## WHAT YOU ARE ASKED TO DO
For each entry, output its words exactly and leave any picture behind.

####

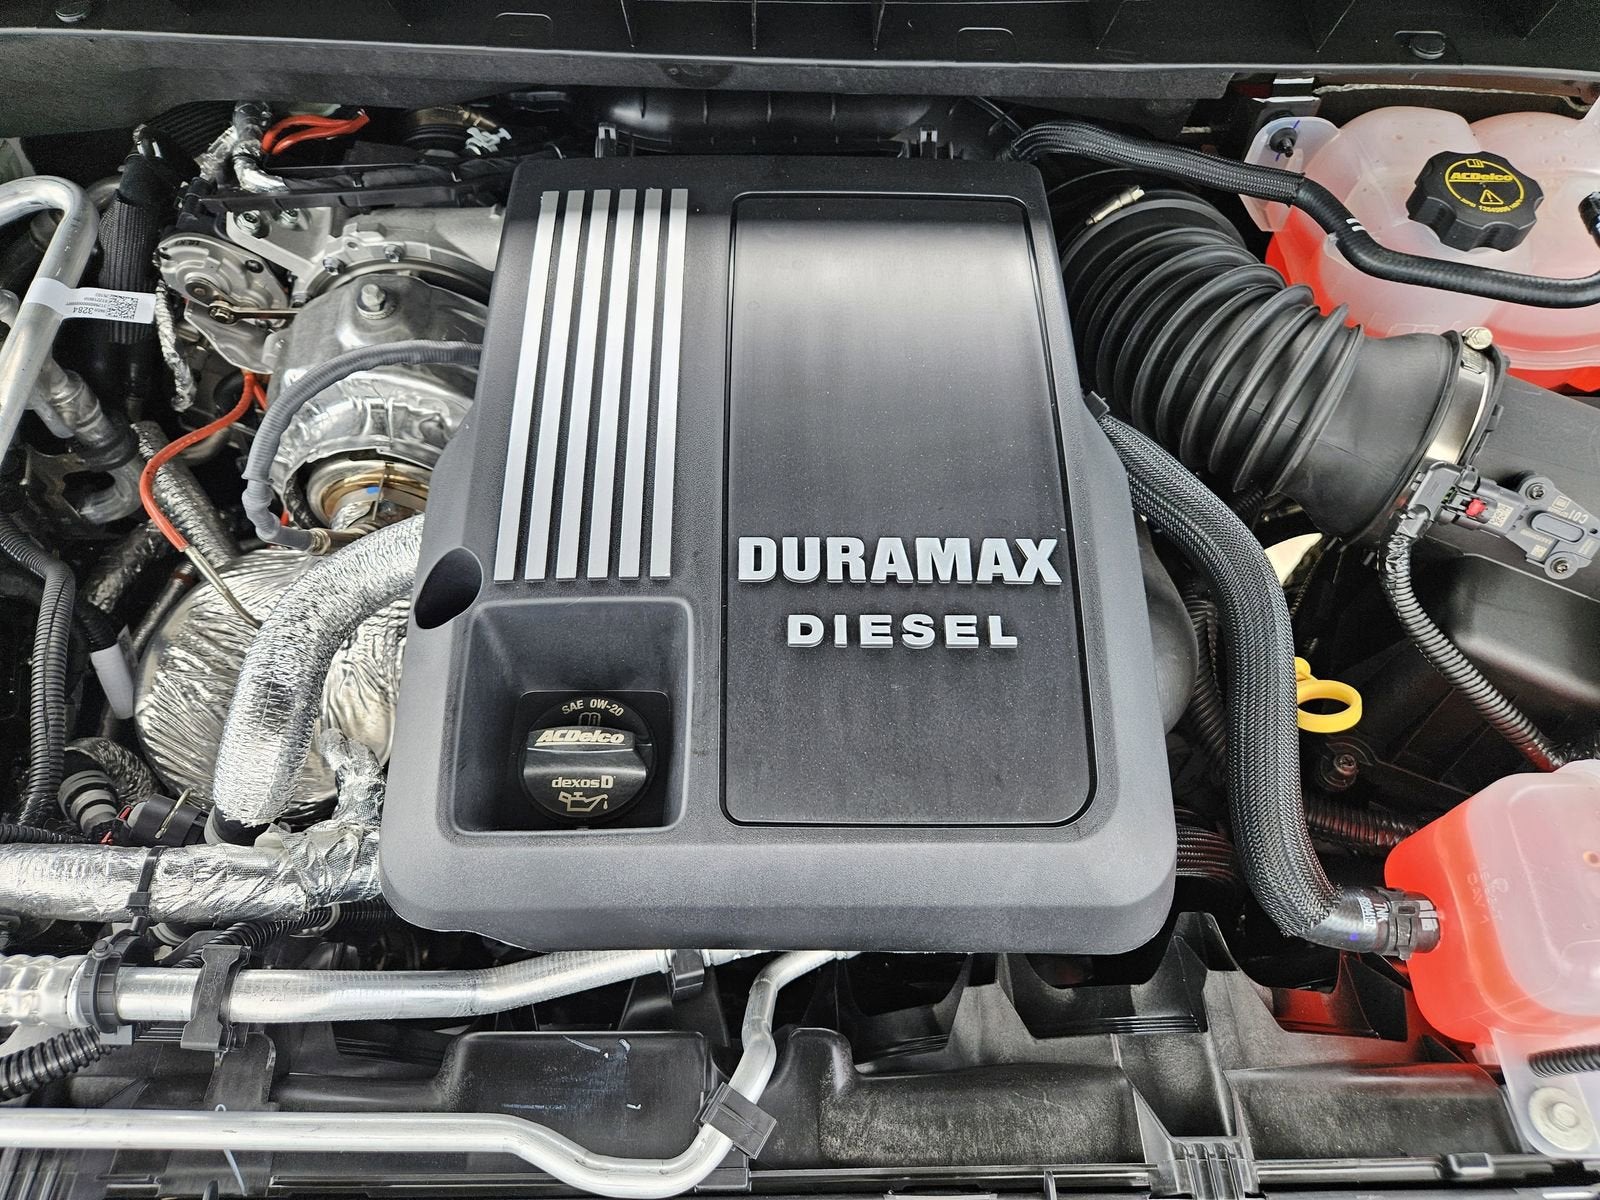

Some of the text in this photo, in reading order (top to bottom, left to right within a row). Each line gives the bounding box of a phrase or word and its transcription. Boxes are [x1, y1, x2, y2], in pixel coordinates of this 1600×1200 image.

[1450, 172, 1514, 182] ACDelco
[72, 306, 94, 315] 3284
[737, 536, 1062, 585] DURAMAX
[787, 613, 1018, 649] DIESEL
[561, 698, 625, 717] SAE 0W-20
[535, 729, 625, 744] ACDelco
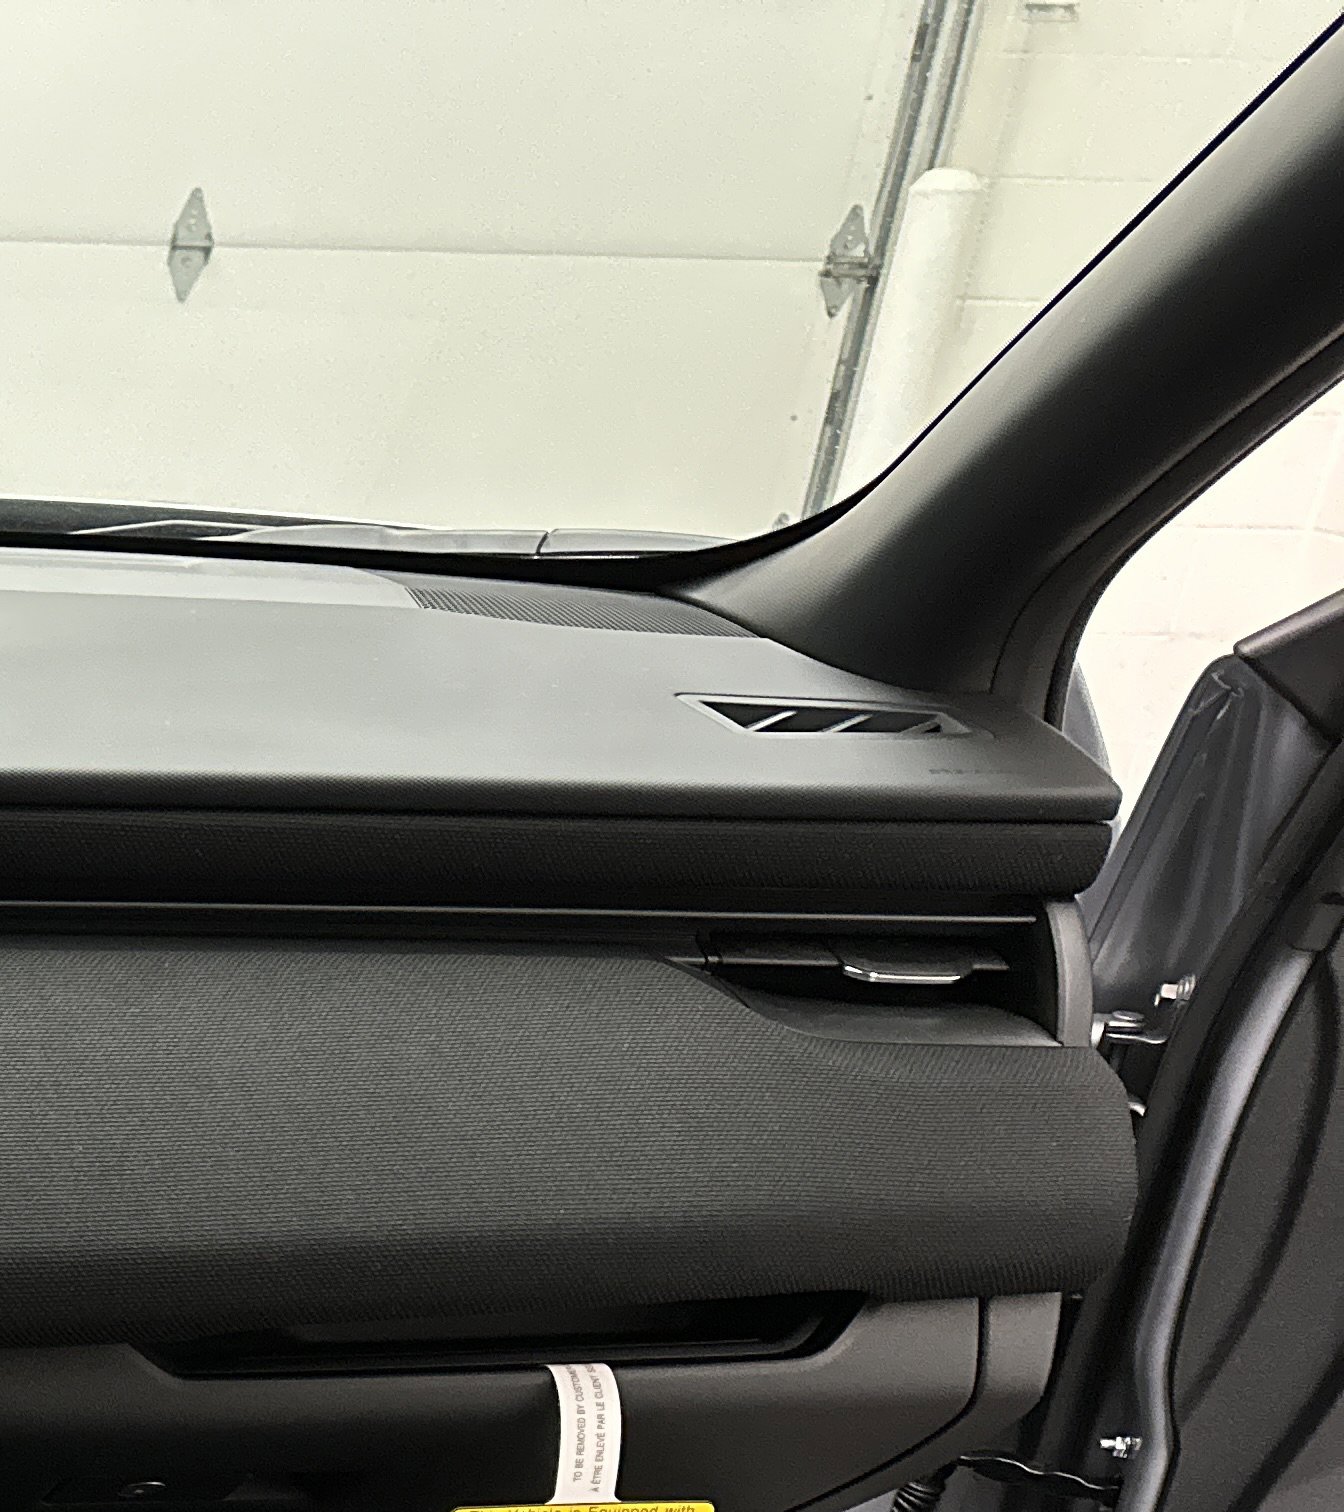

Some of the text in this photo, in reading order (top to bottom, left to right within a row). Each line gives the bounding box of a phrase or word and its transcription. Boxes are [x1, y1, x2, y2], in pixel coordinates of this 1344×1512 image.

[577, 1404, 586, 1415] BY
[596, 1401, 605, 1411] LE
[597, 1413, 605, 1429] PAR
[576, 1417, 586, 1455] REMOVED
[595, 1432, 605, 1462] ENLEVÉ
[575, 1458, 584, 1469] BE
[573, 1471, 583, 1482] TO
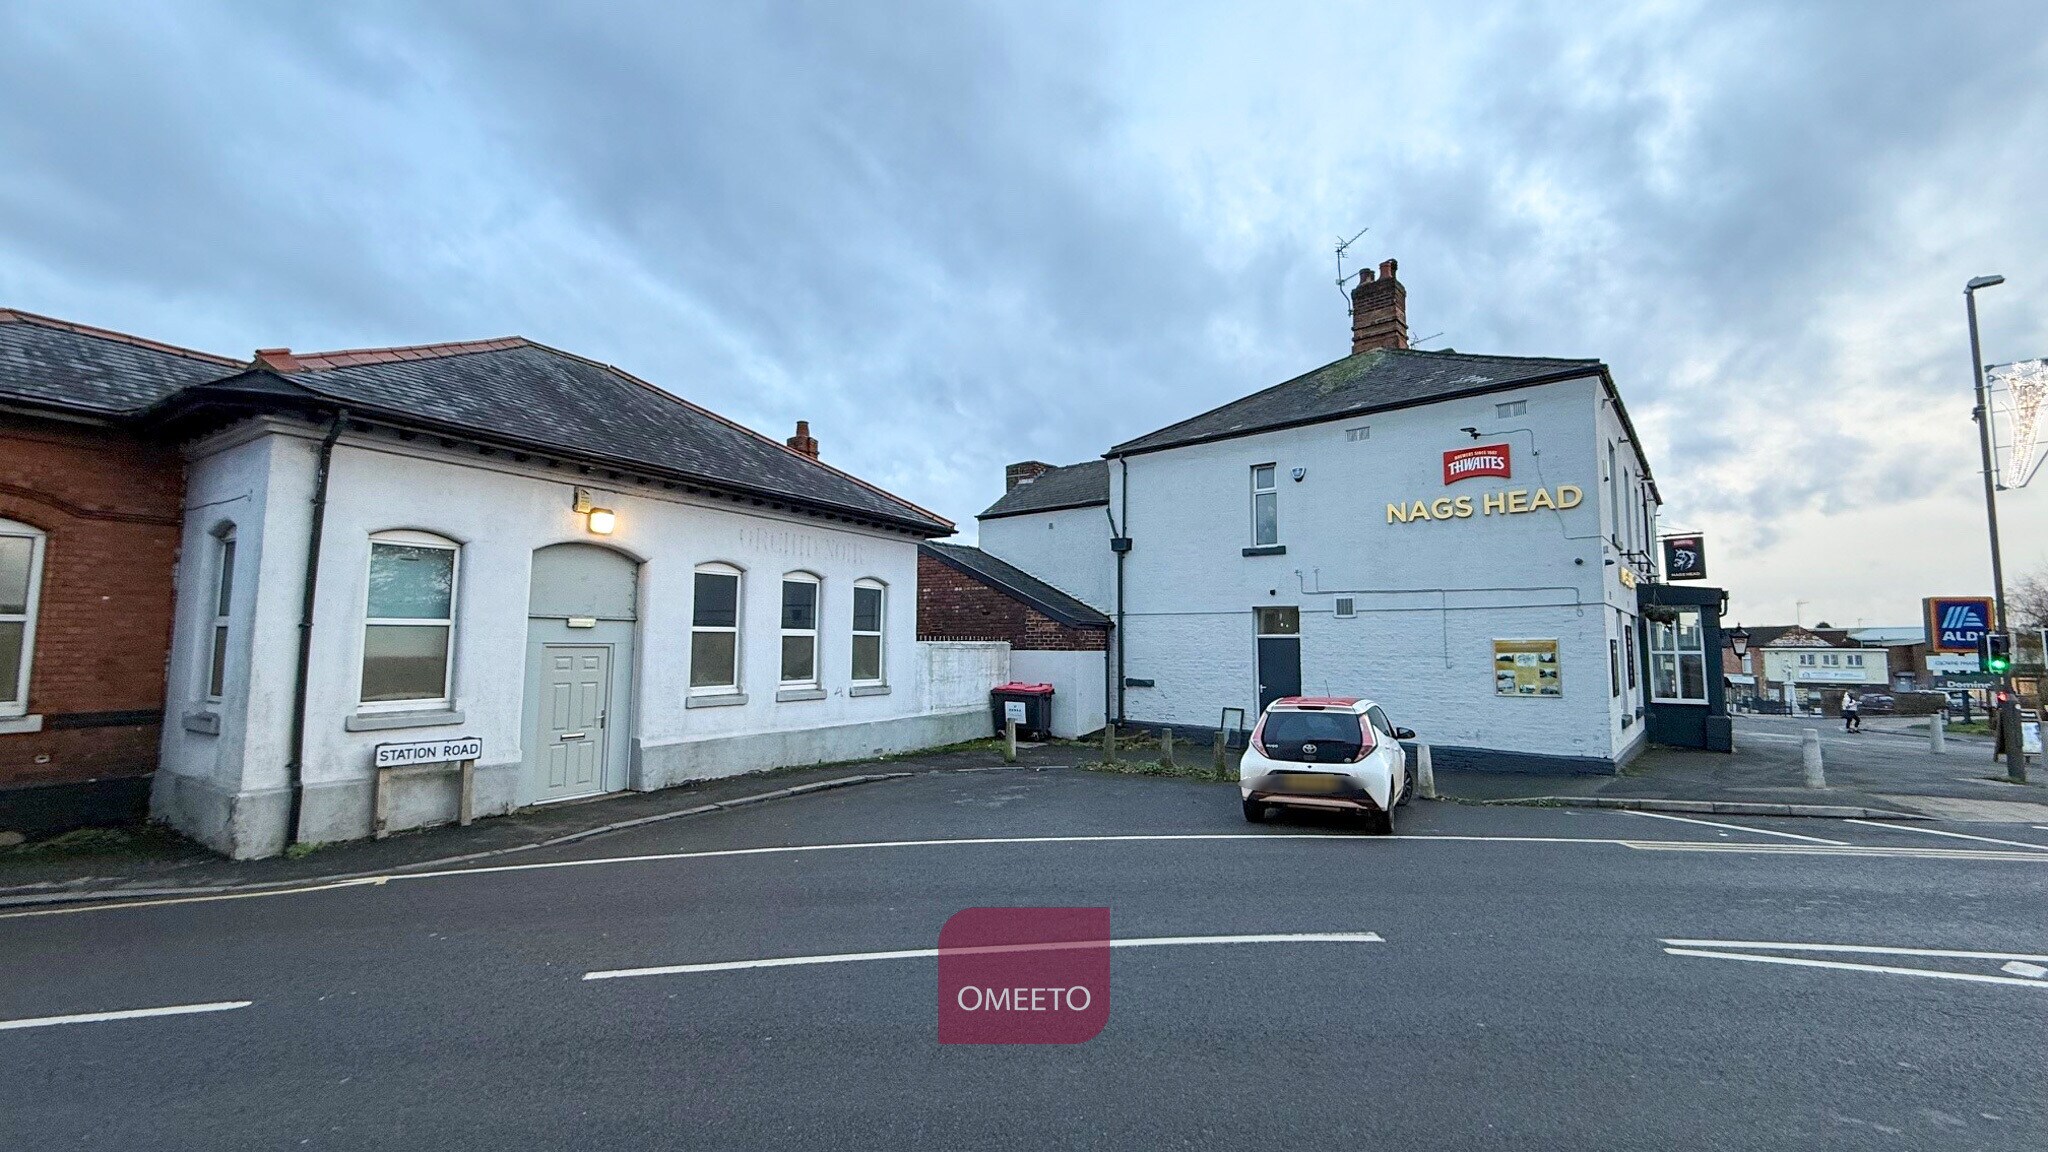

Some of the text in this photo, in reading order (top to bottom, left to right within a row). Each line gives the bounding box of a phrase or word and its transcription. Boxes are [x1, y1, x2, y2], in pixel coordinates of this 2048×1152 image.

####

## RESPONSE AREA
Some of the text in this photo, in reading order (top to bottom, left to right within a row). Each line gives the bounding box of a phrase or word and its transcription. Boxes are [x1, y1, x2, y2], in pixel coordinates of this 1600×1200 image.

[1450, 172, 1514, 182] ACDelco
[72, 306, 94, 315] 3284
[737, 536, 1062, 585] DURAMAX
[787, 613, 1018, 649] DIESEL
[561, 698, 625, 717] SAE 0W-20
[535, 729, 625, 744] ACDelco

Some of the text in this photo, in reading order (top to bottom, left to right within a row). Each line gives the bounding box of a phrase or word and its transcription. Boxes are [x1, y1, x2, y2], in pixel coordinates of this 1344×1512 image.

[577, 1404, 586, 1415] BY
[596, 1401, 605, 1411] LE
[597, 1413, 605, 1429] PAR
[576, 1417, 586, 1455] REMOVED
[595, 1432, 605, 1462] ENLEVÉ
[575, 1458, 584, 1469] BE
[573, 1471, 583, 1482] TO

Some of the text in this photo, in reading order (top to bottom, left to right within a row). Each line gives the bounding box of a phrase or word and its transcription. Boxes are [x1, y1, x2, y2], in pixel coordinates of this 2048×1152 image.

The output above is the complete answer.